Konya Necmettin Erbakan Üniversitesi Felsefe Bölümü 3. sınıf öğrencileri, gönüllülük dersi kapsamında Dr. Öğr. Gör. Mersiye Bora Gallois öncülüğünde Deha Rehabilitasyon Merkezi’nde özel çocuklarla bir araya geldi. Bu etkinlik, yalnızca çocuklara yönelik bir sanat faaliyeti olmanın ötesinde, öğrenciler için insanın varoluşu, toplumsal etkileşim ve etik sorumluluk üzerine düşündürücü bir deneyime dönüştü.
SANAT VE ETKİLEŞİM: ÖZEL ÇOCUKLARLA ANLAMLI BİR BULUŞMA
Etkinlik boyunca felsefe öğrencileri, özel bireylerle çeşitli sanat çalışmaları gerçekleştirdi. Boyama, seramik şekillendirme ve el sanatları gibi etkinlikler, çocukların kendilerini özgürce ifade etmelerine olanak sağladı. Bu süreçte öğrenciler, sanatın yalnızca estetik bir faaliyet değil, aynı zamanda bireyin dünyayla kurduğu ilişkinin bir aracı olduğunu gözlemledi.

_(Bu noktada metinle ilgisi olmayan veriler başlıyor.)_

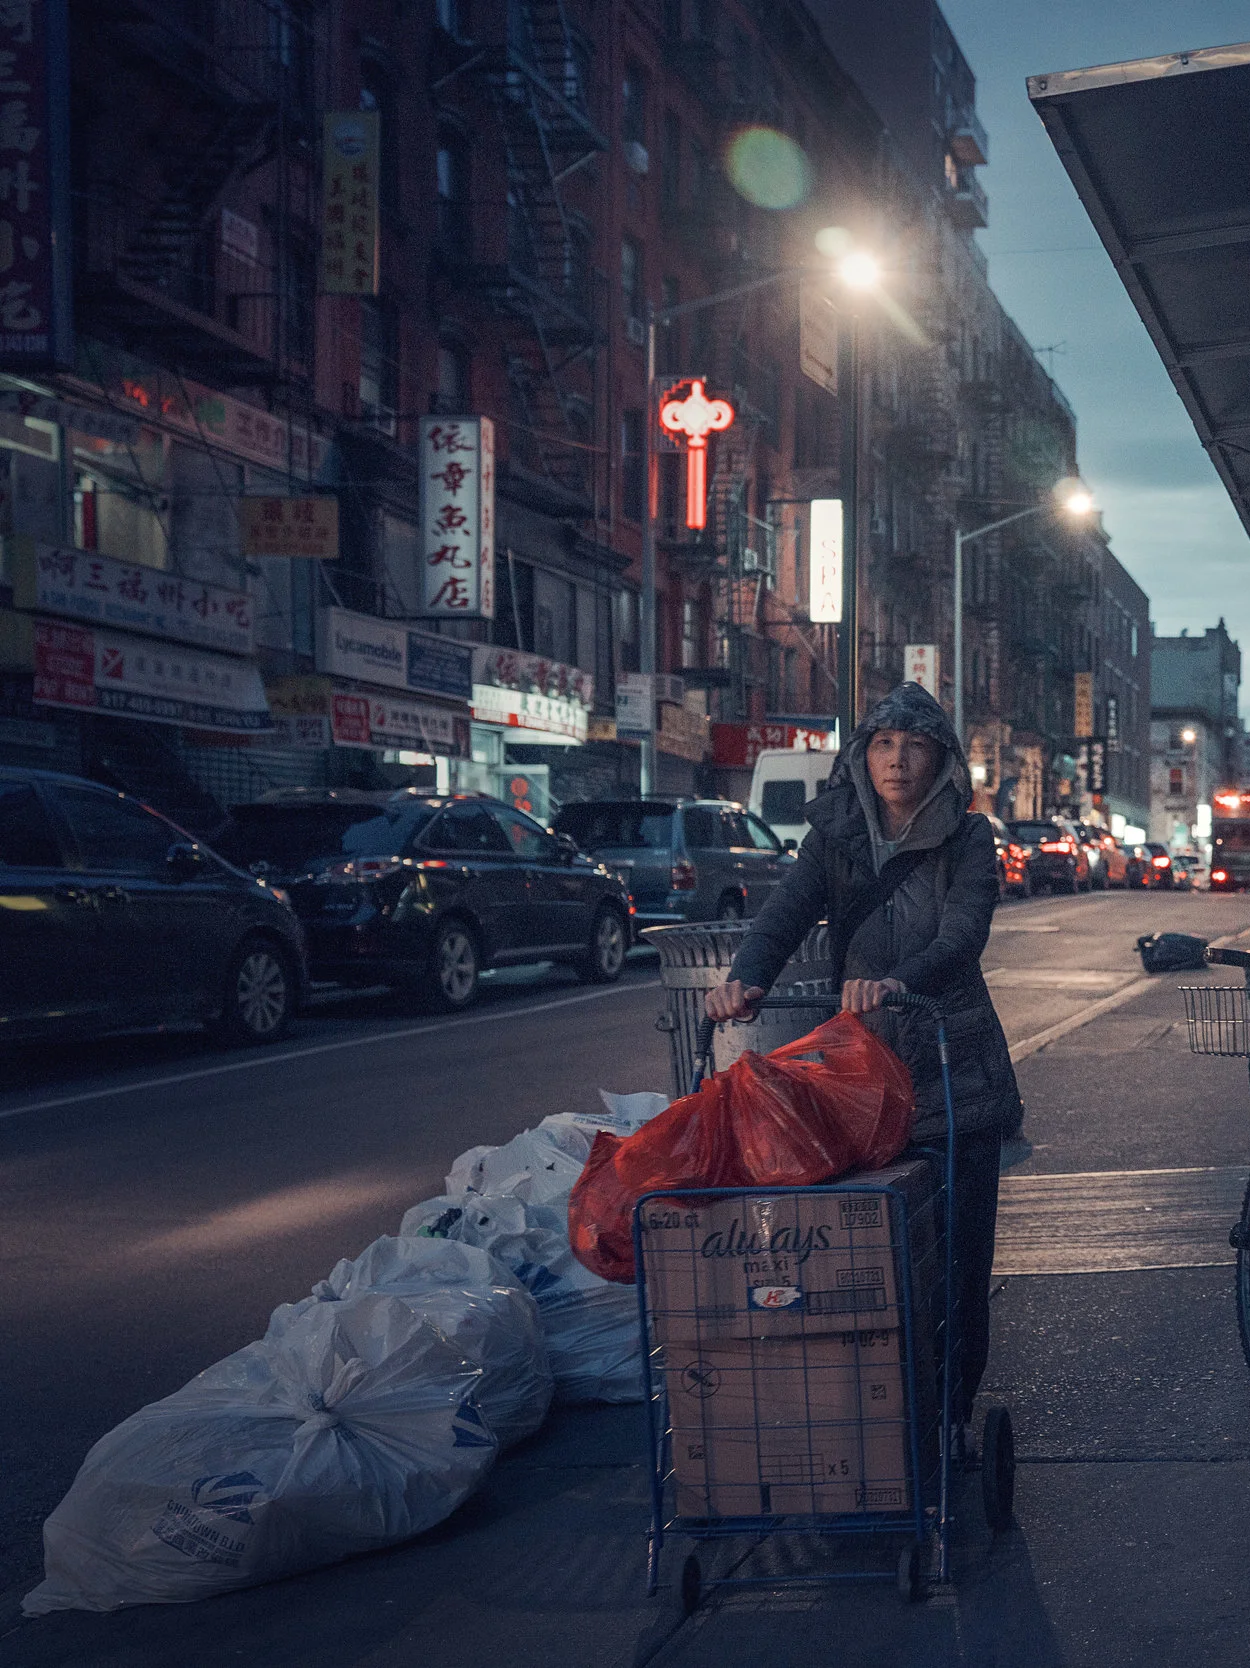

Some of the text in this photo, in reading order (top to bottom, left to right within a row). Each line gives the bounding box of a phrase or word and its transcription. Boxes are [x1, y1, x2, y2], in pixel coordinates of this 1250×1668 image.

Öğrenciler, çocukların sanatsal ifadelerinde spontane ve özgün bir yaklaşım benimsediklerini fark etti. Renk seçimleri, çizgiler ve şekiller, onların iç dünyalarını yansıtan birer anlatım biçimi olarak değerlendirildi. Felsefi açıdan bakıldığında bu durum, insanın dünyayla olan ilişkisini özgür iradesiyle kurduğunu ve varoluşunu kendi deneyimleriyle inşa ettiğini gösteren bir örnek olarak öne çıktı.

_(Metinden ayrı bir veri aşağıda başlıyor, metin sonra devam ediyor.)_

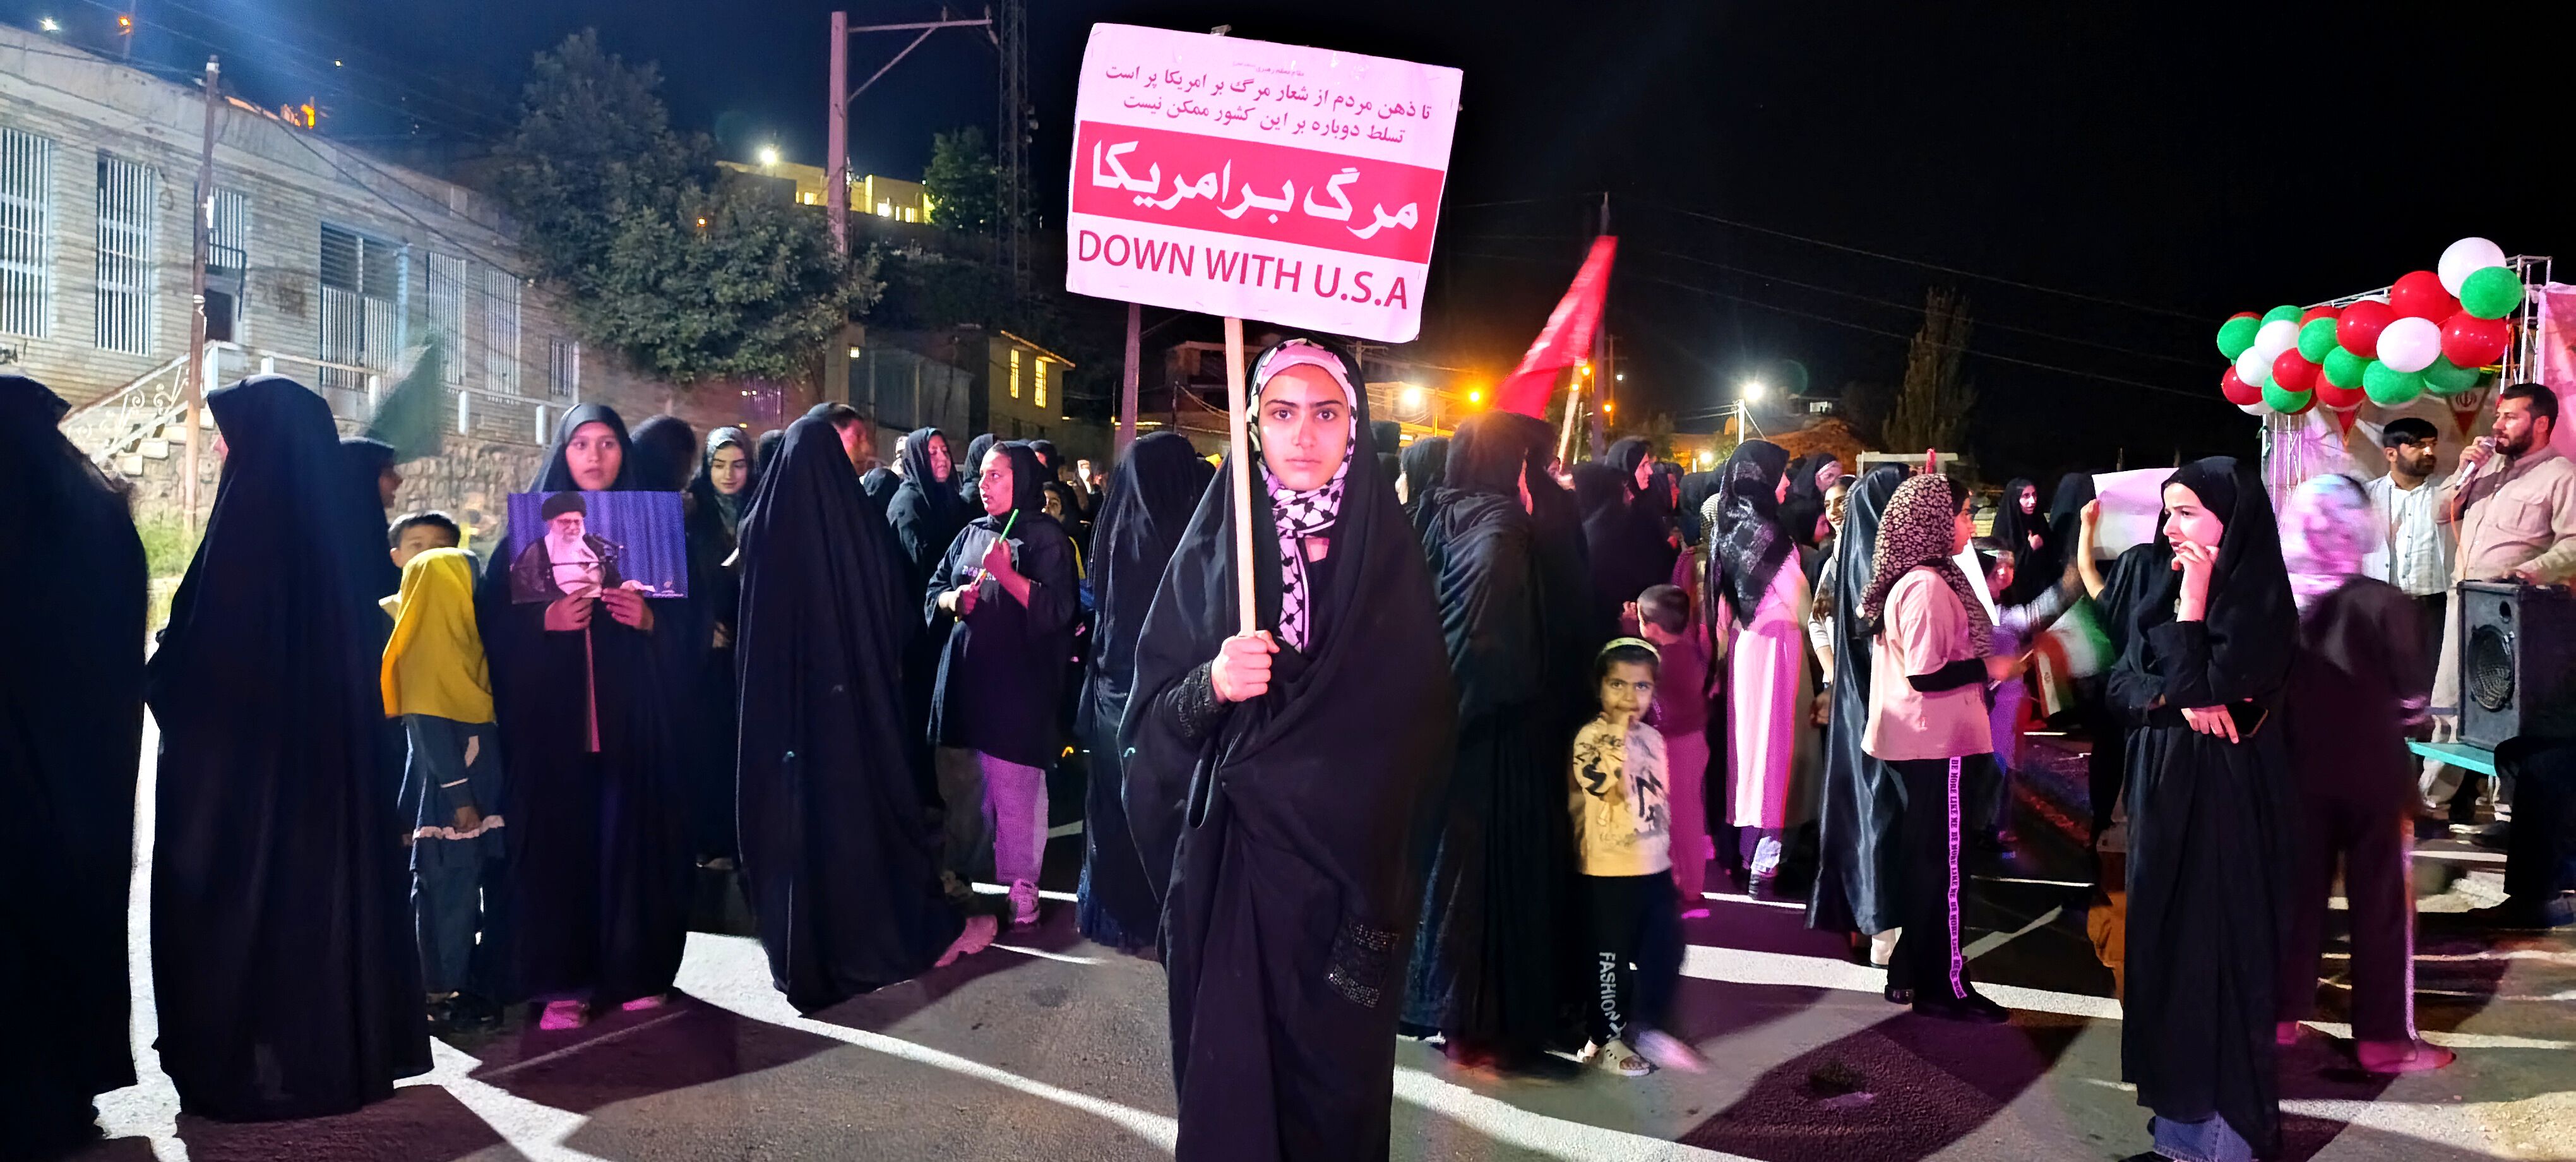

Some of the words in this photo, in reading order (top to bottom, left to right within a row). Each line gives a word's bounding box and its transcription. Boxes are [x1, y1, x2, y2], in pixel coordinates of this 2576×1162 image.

[1106, 65, 1140, 80] است
[1143, 73, 1157, 90] پر
[1164, 69, 1207, 93] امریکا
[1210, 81, 1224, 97] بر
[1229, 79, 1270, 102] مرگ
[1275, 84, 1309, 102] شعار
[1313, 89, 1329, 107] از
[1123, 96, 1162, 115] نیست
[1166, 99, 1210, 119] ممکن
[1333, 95, 1373, 116] مردم
[1378, 101, 1416, 120] ذهن
[1422, 104, 1433, 119] تا
[1213, 105, 1256, 127] کشور
[1260, 112, 1288, 131] این
[1292, 120, 1306, 135] بر
[1311, 118, 1360, 141] دوباره
[1367, 125, 1406, 143] تسلط
[1303, 167, 1419, 239] مرگ
[1078, 229, 1195, 277] DOWN
[1205, 247, 1303, 293] WITH
[1314, 264, 1407, 310] U.S.A
[1950, 796, 1958, 815] LIKE
[1598, 951, 1620, 1021] FASHION

TOPLUMSAL ETKİLEŞİM VE FELSEFİ SORUMLULUK
Öğrenciler için bu etkinlik, sadece sanatsal bir paylaşım değil, aynı zamanda insanın toplumsal bağlamda nasıl var olduğunu sorgulama fırsatı sundu. Varoluşçu felsefenin temel yaklaşımlarından biri olan “insan, başkalarıyla olan ilişkileri içinde kendini gerçekleştirir” düşüncesi, bu süreçte somut bir deneyim haline geldi.
Özel bireylerle geçirilen zaman, insanın yalnızca akıl ve mantık yoluyla değil, duygusal bağlar ve etkileşimler aracılığıyla da anlam kazandığını gösterdi. Felsefe öğrencileri, etik sorumluluk kavramının sadece teorik bir konu olmadığını, aksine toplumsal hayatın içinde, özellikle dezavantajlı bireylerle kurulan ilişkilerde pratik bir karşılığı olduğunu gözlemledi.

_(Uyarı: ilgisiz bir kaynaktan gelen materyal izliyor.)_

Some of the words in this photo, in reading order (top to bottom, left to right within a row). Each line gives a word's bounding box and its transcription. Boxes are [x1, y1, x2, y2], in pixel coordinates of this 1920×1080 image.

FELSEFENİN GÜNLÜK HAYATTAKİ YERİ
Bu etkinlik, felsefenin yalnızca soyut kavramlarla sınırlı olmadığını, insanın yaşamına dokunan bir pratik alanı olduğunu bir kez daha ortaya koydu. Sanat ve etkileşim aracılığıyla kurulan bu bağ, öğrencilerin insanın değeri, toplumsal adalet ve bireyin özgürlüğü üzerine yeni bir perspektif kazanmalarına yardımcı oldu.
Felsefe öğrencileri için bu etkinlik, insanın yalnızca düşünen bir varlık olmadığını, aynı zamanda başkalarıyla kurduğu ilişkiler aracılığıyla kendini inşa eden bir özne olduğunu bir kez daha gösterdi.